╭──
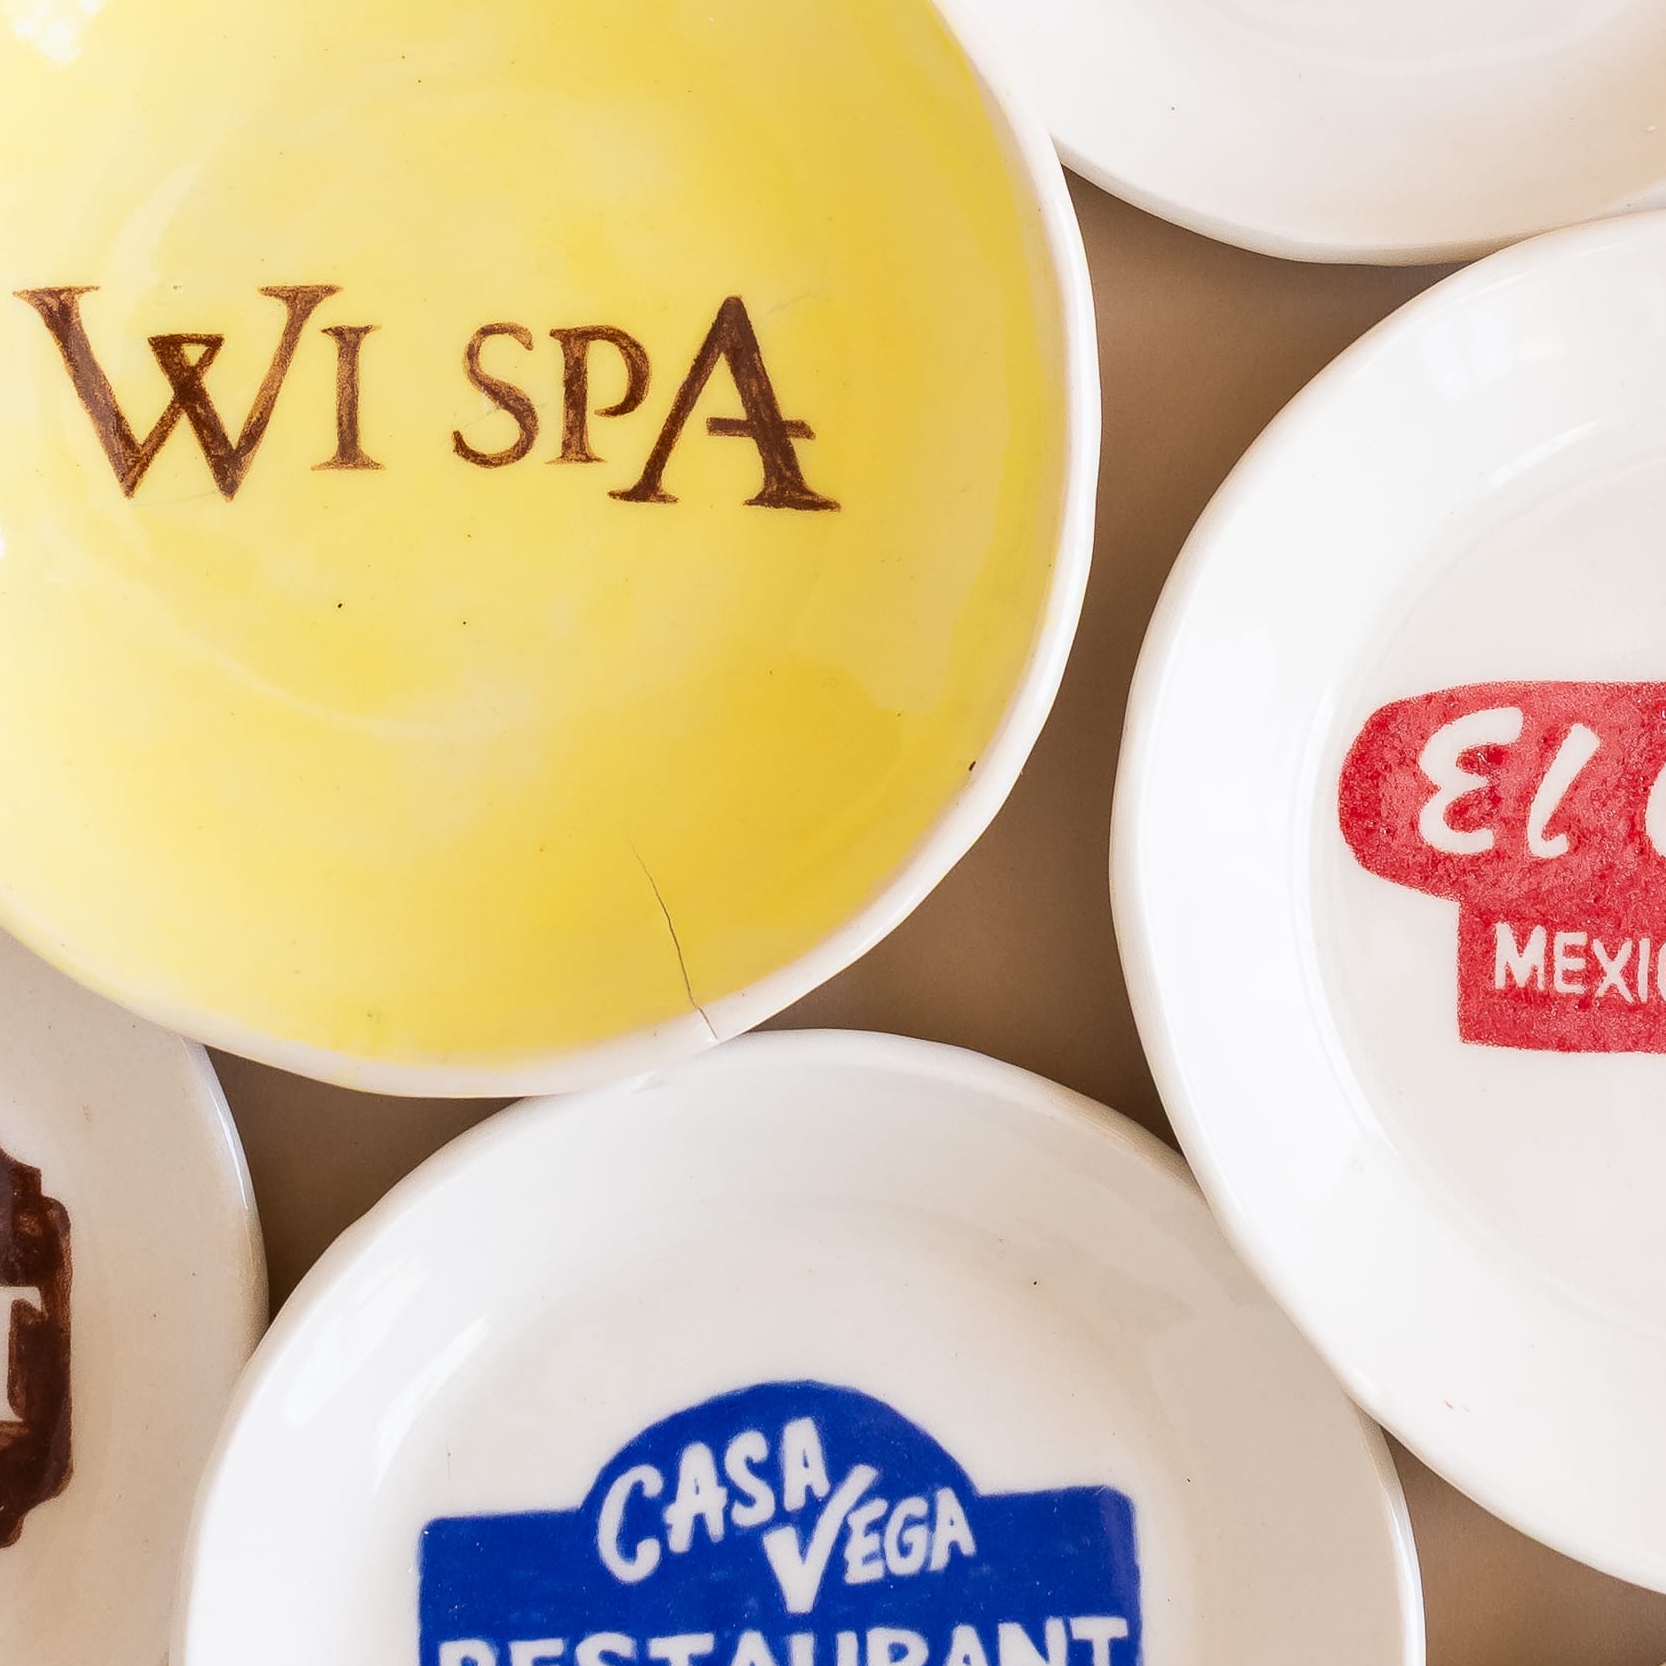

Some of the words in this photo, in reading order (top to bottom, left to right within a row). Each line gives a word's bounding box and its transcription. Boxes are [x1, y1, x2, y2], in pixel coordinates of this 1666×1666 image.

[12, 284, 386, 503] WI
[452, 294, 841, 512] SPA
[1418, 706, 1602, 860] El
[597, 1416, 830, 1584] CASA
[761, 1463, 977, 1614] VEGA
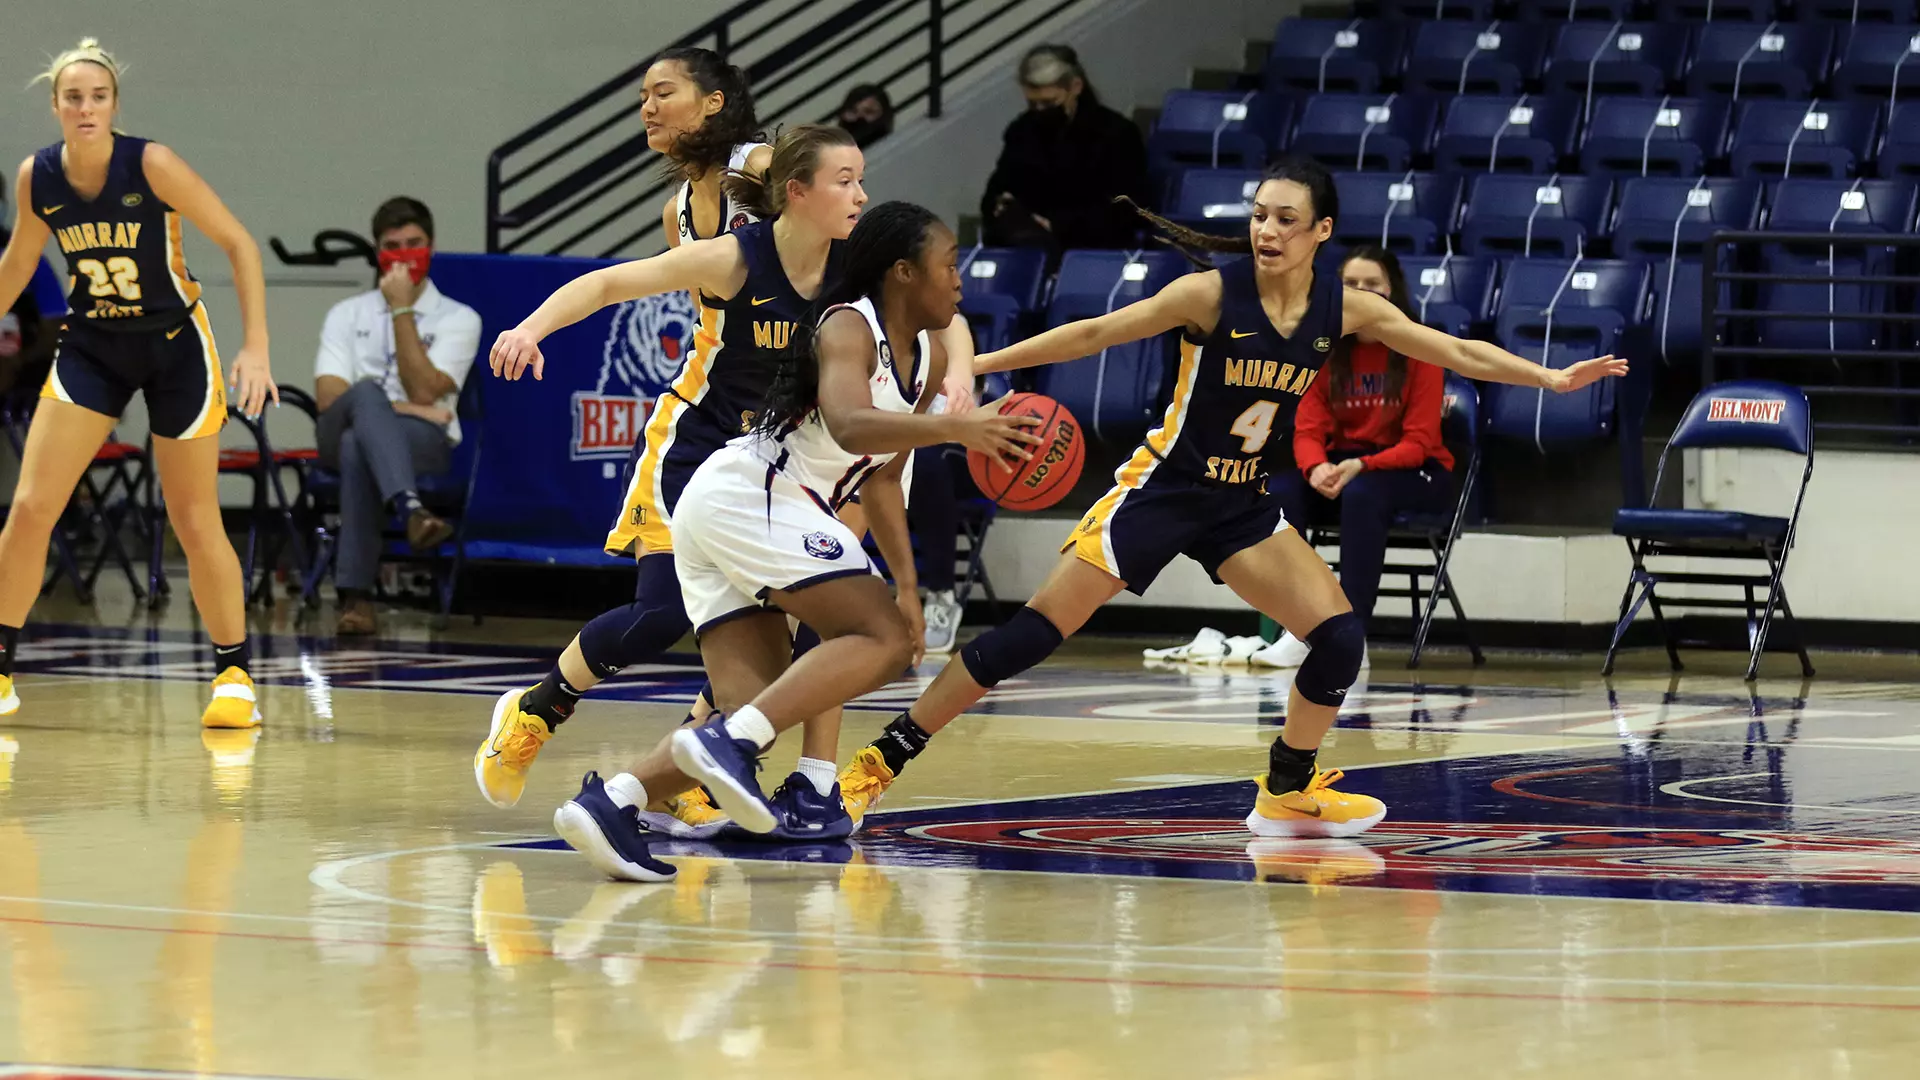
╰──
** What is required **
Except for the pictures, please retype the listing above exactly.

** Problem solution **
Some of the words in this photo, in reading order (top to bottom, left to right within a row). Each line gives a word's bounding box and its transcription. Boxes are [x1, y1, x2, y2], in pixel coordinates of this 1666×1666 image.

[12, 284, 386, 503] WI
[452, 294, 841, 512] SPA
[1418, 706, 1602, 860] El
[597, 1416, 830, 1584] CASA
[761, 1463, 977, 1614] VEGA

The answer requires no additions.